**Data for review:**
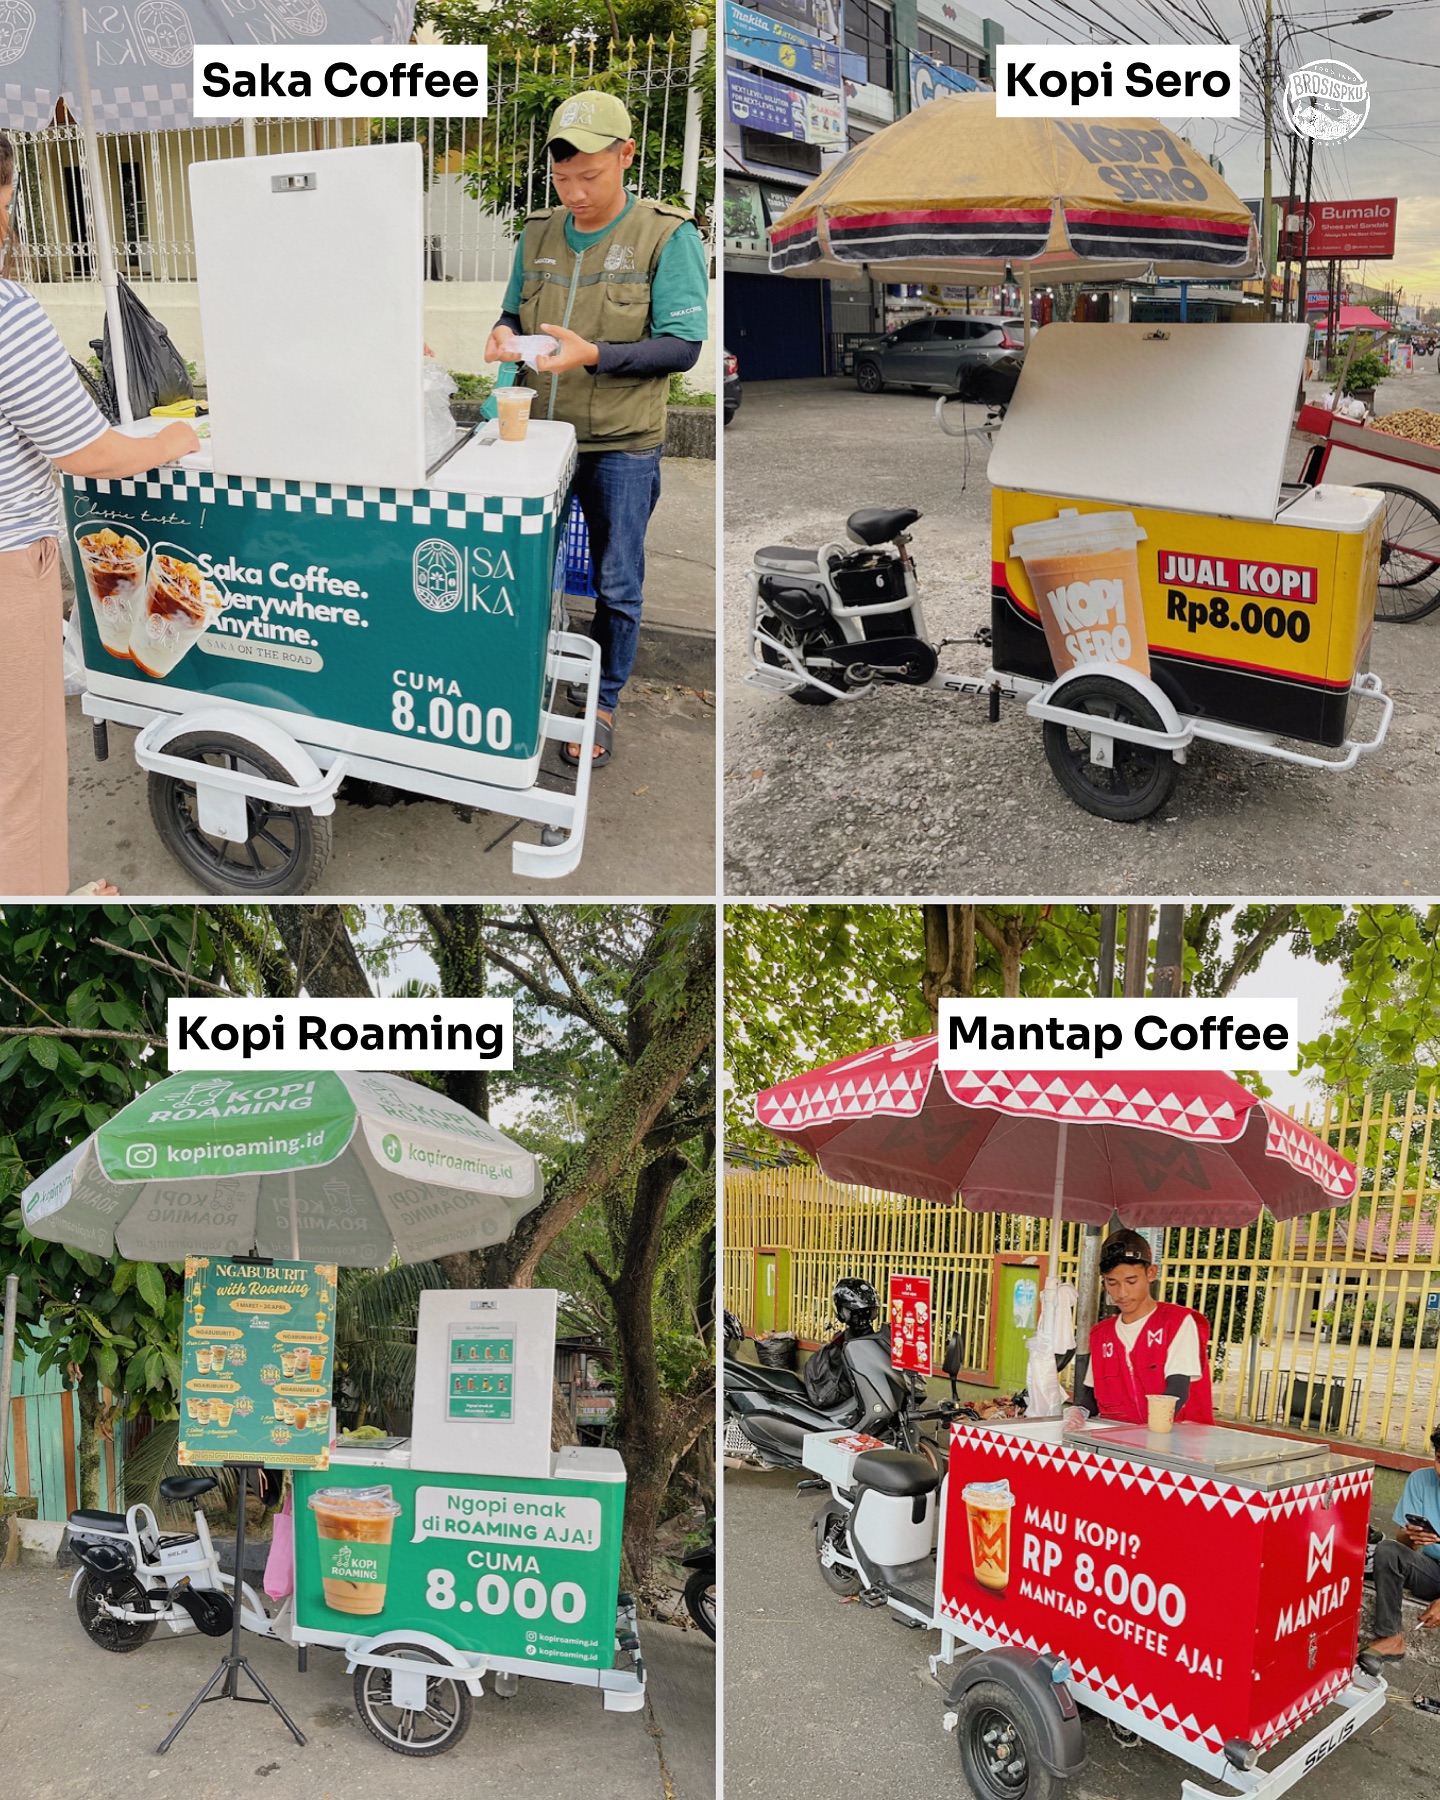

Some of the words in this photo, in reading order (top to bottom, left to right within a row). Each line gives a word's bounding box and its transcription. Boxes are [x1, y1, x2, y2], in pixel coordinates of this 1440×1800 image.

[731, 6, 770, 31] makita
[1053, 120, 1187, 168] KOPI
[1098, 165, 1209, 203] SERO
[1321, 205, 1391, 220] Bumalo
[198, 553, 263, 586] Saka
[269, 562, 369, 599] Coffee.
[472, 547, 515, 580] SA
[1163, 555, 1229, 588] JUAL
[1238, 562, 1312, 598] KOPI
[875, 574, 885, 588] 6
[200, 580, 369, 628] Everywhere.
[472, 583, 515, 617] KA
[1046, 578, 1127, 635] KOPI
[1167, 590, 1311, 644] Rp8.000
[202, 607, 319, 647] Anytime.
[207, 638, 235, 652] SAKA
[237, 644, 253, 655] ON
[257, 647, 280, 661] THE
[282, 651, 313, 665] ROAD
[1065, 625, 1132, 668] SERO
[393, 669, 462, 698] CUMA
[943, 680, 1019, 700] SELS
[392, 690, 512, 751] 8.000
[147, 1096, 313, 1123] ROAMING
[226, 1081, 316, 1104] KOPI
[167, 1130, 326, 1164] kopiroaming.id
[409, 1143, 513, 1180] kopiroaming.id
[216, 1264, 308, 1281] NGABUBURIT
[216, 1282, 247, 1296] with
[248, 1281, 311, 1298] Roaming
[447, 1494, 507, 1517] Ngopi
[513, 1502, 566, 1519] enak
[422, 1515, 440, 1532] di
[445, 1518, 538, 1540] ROAMING
[543, 1527, 593, 1545] AJA!
[1024, 1503, 1067, 1535] MAU
[1074, 1518, 1141, 1560] KOPI?
[331, 1566, 378, 1580] ROAMING
[351, 1558, 377, 1570] KOPI
[466, 1550, 541, 1574] CUMA
[425, 1568, 587, 1624] 8.000
[1022, 1533, 1063, 1577] RP
[1074, 1553, 1187, 1628] 8.000
[1275, 1576, 1350, 1642] MANTAP
[539, 1633, 599, 1647] kopiroaming.id
[1019, 1578, 1088, 1620] MANTAP
[1093, 1608, 1169, 1657] COFFEE
[1175, 1644, 1224, 1681] AJA!
[539, 1648, 598, 1662] kopiroaming.id
[1302, 1717, 1357, 1774] SELIS

**What you need to do:** In the records above, some lines hold the word "SERO"; copy each such line.

**Result below:**
[1098, 165, 1209, 203] SERO
[1065, 625, 1132, 668] SERO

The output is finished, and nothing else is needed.